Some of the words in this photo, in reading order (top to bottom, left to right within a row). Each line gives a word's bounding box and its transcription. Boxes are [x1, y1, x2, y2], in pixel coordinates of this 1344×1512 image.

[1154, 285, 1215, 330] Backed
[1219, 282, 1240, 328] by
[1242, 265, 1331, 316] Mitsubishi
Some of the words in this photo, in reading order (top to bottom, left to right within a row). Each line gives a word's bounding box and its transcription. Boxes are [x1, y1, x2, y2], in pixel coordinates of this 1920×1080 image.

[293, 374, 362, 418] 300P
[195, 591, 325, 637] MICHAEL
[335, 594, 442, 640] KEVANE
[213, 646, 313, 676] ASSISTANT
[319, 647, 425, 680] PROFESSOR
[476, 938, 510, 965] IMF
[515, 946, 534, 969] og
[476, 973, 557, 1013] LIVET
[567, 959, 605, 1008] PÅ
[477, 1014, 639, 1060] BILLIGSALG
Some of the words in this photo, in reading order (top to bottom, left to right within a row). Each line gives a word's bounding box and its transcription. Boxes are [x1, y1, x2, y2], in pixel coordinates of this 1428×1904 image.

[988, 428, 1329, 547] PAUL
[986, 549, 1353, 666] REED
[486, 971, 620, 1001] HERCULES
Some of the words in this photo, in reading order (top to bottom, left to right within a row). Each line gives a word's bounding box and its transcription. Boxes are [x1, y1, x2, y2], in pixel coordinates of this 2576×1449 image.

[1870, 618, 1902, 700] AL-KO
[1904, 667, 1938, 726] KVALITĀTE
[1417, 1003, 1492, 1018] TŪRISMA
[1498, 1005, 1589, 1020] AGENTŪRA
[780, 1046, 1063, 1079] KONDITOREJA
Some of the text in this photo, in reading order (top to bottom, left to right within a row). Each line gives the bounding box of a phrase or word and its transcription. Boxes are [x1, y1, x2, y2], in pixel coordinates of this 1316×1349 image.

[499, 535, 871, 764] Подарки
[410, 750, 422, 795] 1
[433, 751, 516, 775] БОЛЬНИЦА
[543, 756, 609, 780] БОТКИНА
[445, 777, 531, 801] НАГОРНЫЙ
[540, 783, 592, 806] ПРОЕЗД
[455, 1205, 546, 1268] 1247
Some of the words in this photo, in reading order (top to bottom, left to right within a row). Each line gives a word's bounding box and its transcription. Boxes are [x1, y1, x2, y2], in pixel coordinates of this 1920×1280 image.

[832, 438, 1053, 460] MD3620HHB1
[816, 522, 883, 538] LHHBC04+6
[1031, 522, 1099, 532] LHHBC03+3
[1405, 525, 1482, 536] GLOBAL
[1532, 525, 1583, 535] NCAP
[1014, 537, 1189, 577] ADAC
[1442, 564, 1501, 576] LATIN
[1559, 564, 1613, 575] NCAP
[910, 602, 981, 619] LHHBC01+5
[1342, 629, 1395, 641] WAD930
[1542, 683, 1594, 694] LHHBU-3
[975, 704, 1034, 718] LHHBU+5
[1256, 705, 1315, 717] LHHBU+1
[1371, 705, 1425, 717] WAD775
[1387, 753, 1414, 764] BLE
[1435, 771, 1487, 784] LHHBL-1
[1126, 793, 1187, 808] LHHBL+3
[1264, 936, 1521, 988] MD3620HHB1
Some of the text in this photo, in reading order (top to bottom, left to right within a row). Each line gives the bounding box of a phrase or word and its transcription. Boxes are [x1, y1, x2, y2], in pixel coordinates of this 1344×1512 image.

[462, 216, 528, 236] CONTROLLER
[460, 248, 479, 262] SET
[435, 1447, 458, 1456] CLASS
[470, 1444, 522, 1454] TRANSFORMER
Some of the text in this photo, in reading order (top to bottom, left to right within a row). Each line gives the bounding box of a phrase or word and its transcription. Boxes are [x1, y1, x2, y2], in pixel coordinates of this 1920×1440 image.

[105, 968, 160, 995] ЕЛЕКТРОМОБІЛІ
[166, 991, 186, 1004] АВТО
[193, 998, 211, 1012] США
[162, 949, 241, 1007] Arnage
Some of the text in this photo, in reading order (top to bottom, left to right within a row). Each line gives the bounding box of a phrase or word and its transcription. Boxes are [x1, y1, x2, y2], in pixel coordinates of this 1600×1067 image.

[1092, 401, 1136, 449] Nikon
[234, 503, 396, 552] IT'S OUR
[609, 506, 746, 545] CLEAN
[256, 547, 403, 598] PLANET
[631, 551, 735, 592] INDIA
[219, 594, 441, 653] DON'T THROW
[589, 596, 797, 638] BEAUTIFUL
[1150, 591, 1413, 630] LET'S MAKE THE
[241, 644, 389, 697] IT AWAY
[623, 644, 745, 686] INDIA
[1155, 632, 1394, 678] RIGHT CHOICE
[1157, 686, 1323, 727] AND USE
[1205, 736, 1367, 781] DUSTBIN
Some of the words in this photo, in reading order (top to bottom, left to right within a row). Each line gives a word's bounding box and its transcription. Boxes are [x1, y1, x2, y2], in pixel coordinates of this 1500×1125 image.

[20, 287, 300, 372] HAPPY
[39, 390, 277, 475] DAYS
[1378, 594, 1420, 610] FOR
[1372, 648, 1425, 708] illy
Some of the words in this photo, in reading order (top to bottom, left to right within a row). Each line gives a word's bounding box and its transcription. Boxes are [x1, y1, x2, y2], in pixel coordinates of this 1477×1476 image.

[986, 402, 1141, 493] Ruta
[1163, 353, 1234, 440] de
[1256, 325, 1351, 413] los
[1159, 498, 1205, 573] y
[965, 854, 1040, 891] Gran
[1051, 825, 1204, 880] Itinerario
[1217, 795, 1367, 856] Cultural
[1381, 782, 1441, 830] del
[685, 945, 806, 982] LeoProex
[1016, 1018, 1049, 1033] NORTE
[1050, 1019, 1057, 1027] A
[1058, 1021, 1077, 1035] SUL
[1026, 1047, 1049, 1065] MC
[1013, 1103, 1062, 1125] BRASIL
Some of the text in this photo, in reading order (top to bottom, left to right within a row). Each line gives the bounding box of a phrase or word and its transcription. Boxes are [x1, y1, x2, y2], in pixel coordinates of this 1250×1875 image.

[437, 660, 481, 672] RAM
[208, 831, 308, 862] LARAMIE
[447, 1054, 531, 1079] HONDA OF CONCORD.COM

━━━━

PROBLEM DESCRIPTION:
The response should consist of the entries above, retyped exactly.

THE COMPLETED TASK:
Some of the words in this photo, in reading order (top to bottom, left to right within a row). Each line gives a word's bounding box and its transcription. Boxes are [x1, y1, x2, y2], in pixel coordinates of this 1344×1512 image.

[1154, 285, 1215, 330] Backed
[1219, 282, 1240, 328] by
[1242, 265, 1331, 316] Mitsubishi
Some of the words in this photo, in reading order (top to bottom, left to right within a row). Each line gives a word's bounding box and its transcription. Boxes are [x1, y1, x2, y2], in pixel coordinates of this 1920×1080 image.

[293, 374, 362, 418] 300P
[195, 591, 325, 637] MICHAEL
[335, 594, 442, 640] KEVANE
[213, 646, 313, 676] ASSISTANT
[319, 647, 425, 680] PROFESSOR
[476, 938, 510, 965] IMF
[515, 946, 534, 969] og
[476, 973, 557, 1013] LIVET
[567, 959, 605, 1008] PÅ
[477, 1014, 639, 1060] BILLIGSALG
Some of the words in this photo, in reading order (top to bottom, left to right within a row). Each line gives a word's bounding box and its transcription. Boxes are [x1, y1, x2, y2], in pixel coordinates of this 1428×1904 image.

[988, 428, 1329, 547] PAUL
[986, 549, 1353, 666] REED
[486, 971, 620, 1001] HERCULES
Some of the words in this photo, in reading order (top to bottom, left to right within a row). Each line gives a word's bounding box and its transcription. Boxes are [x1, y1, x2, y2], in pixel coordinates of this 2576×1449 image.

[1870, 618, 1902, 700] AL-KO
[1904, 667, 1938, 726] KVALITĀTE
[1417, 1003, 1492, 1018] TŪRISMA
[1498, 1005, 1589, 1020] AGENTŪRA
[780, 1046, 1063, 1079] KONDITOREJA
Some of the text in this photo, in reading order (top to bottom, left to right within a row). Each line gives the bounding box of a phrase or word and its transcription. Boxes are [x1, y1, x2, y2], in pixel coordinates of this 1316×1349 image.

[499, 535, 871, 764] Подарки
[410, 750, 422, 795] 1
[433, 751, 516, 775] БОЛЬНИЦА
[543, 756, 609, 780] БОТКИНА
[445, 777, 531, 801] НАГОРНЫЙ
[540, 783, 592, 806] ПРОЕЗД
[455, 1205, 546, 1268] 1247
Some of the words in this photo, in reading order (top to bottom, left to right within a row). Each line gives a word's bounding box and its transcription. Boxes are [x1, y1, x2, y2], in pixel coordinates of this 1920×1280 image.

[832, 438, 1053, 460] MD3620HHB1
[816, 522, 883, 538] LHHBC04+6
[1031, 522, 1099, 532] LHHBC03+3
[1405, 525, 1482, 536] GLOBAL
[1532, 525, 1583, 535] NCAP
[1014, 537, 1189, 577] ADAC
[1442, 564, 1501, 576] LATIN
[1559, 564, 1613, 575] NCAP
[910, 602, 981, 619] LHHBC01+5
[1342, 629, 1395, 641] WAD930
[1542, 683, 1594, 694] LHHBU-3
[975, 704, 1034, 718] LHHBU+5
[1256, 705, 1315, 717] LHHBU+1
[1371, 705, 1425, 717] WAD775
[1387, 753, 1414, 764] BLE
[1435, 771, 1487, 784] LHHBL-1
[1126, 793, 1187, 808] LHHBL+3
[1264, 936, 1521, 988] MD3620HHB1
Some of the text in this photo, in reading order (top to bottom, left to right within a row). Each line gives the bounding box of a phrase or word and its transcription. Boxes are [x1, y1, x2, y2], in pixel coordinates of this 1344×1512 image.

[462, 216, 528, 236] CONTROLLER
[460, 248, 479, 262] SET
[435, 1447, 458, 1456] CLASS
[470, 1444, 522, 1454] TRANSFORMER
Some of the text in this photo, in reading order (top to bottom, left to right within a row). Each line gives the bounding box of a phrase or word and its transcription. Boxes are [x1, y1, x2, y2], in pixel coordinates of this 1920×1440 image.

[105, 968, 160, 995] ЕЛЕКТРОМОБІЛІ
[166, 991, 186, 1004] АВТО
[193, 998, 211, 1012] США
[162, 949, 241, 1007] Arnage
Some of the text in this photo, in reading order (top to bottom, left to right within a row). Each line gives the bounding box of a phrase or word and its transcription. Boxes are [x1, y1, x2, y2], in pixel coordinates of this 1600×1067 image.

[1092, 401, 1136, 449] Nikon
[234, 503, 396, 552] IT'S OUR
[609, 506, 746, 545] CLEAN
[256, 547, 403, 598] PLANET
[631, 551, 735, 592] INDIA
[219, 594, 441, 653] DON'T THROW
[589, 596, 797, 638] BEAUTIFUL
[1150, 591, 1413, 630] LET'S MAKE THE
[241, 644, 389, 697] IT AWAY
[623, 644, 745, 686] INDIA
[1155, 632, 1394, 678] RIGHT CHOICE
[1157, 686, 1323, 727] AND USE
[1205, 736, 1367, 781] DUSTBIN
Some of the words in this photo, in reading order (top to bottom, left to right within a row). Each line gives a word's bounding box and its transcription. Boxes are [x1, y1, x2, y2], in pixel coordinates of this 1500×1125 image.

[20, 287, 300, 372] HAPPY
[39, 390, 277, 475] DAYS
[1378, 594, 1420, 610] FOR
[1372, 648, 1425, 708] illy
Some of the words in this photo, in reading order (top to bottom, left to right within a row). Each line gives a word's bounding box and its transcription. Boxes are [x1, y1, x2, y2], in pixel coordinates of this 1477×1476 image.

[986, 402, 1141, 493] Ruta
[1163, 353, 1234, 440] de
[1256, 325, 1351, 413] los
[1159, 498, 1205, 573] y
[965, 854, 1040, 891] Gran
[1051, 825, 1204, 880] Itinerario
[1217, 795, 1367, 856] Cultural
[1381, 782, 1441, 830] del
[685, 945, 806, 982] LeoProex
[1016, 1018, 1049, 1033] NORTE
[1050, 1019, 1057, 1027] A
[1058, 1021, 1077, 1035] SUL
[1026, 1047, 1049, 1065] MC
[1013, 1103, 1062, 1125] BRASIL
Some of the text in this photo, in reading order (top to bottom, left to right within a row). Each line gives the bounding box of a phrase or word and its transcription. Boxes are [x1, y1, x2, y2], in pixel coordinates of this 1250×1875 image.

[437, 660, 481, 672] RAM
[208, 831, 308, 862] LARAMIE
[447, 1054, 531, 1079] HONDA OF CONCORD.COM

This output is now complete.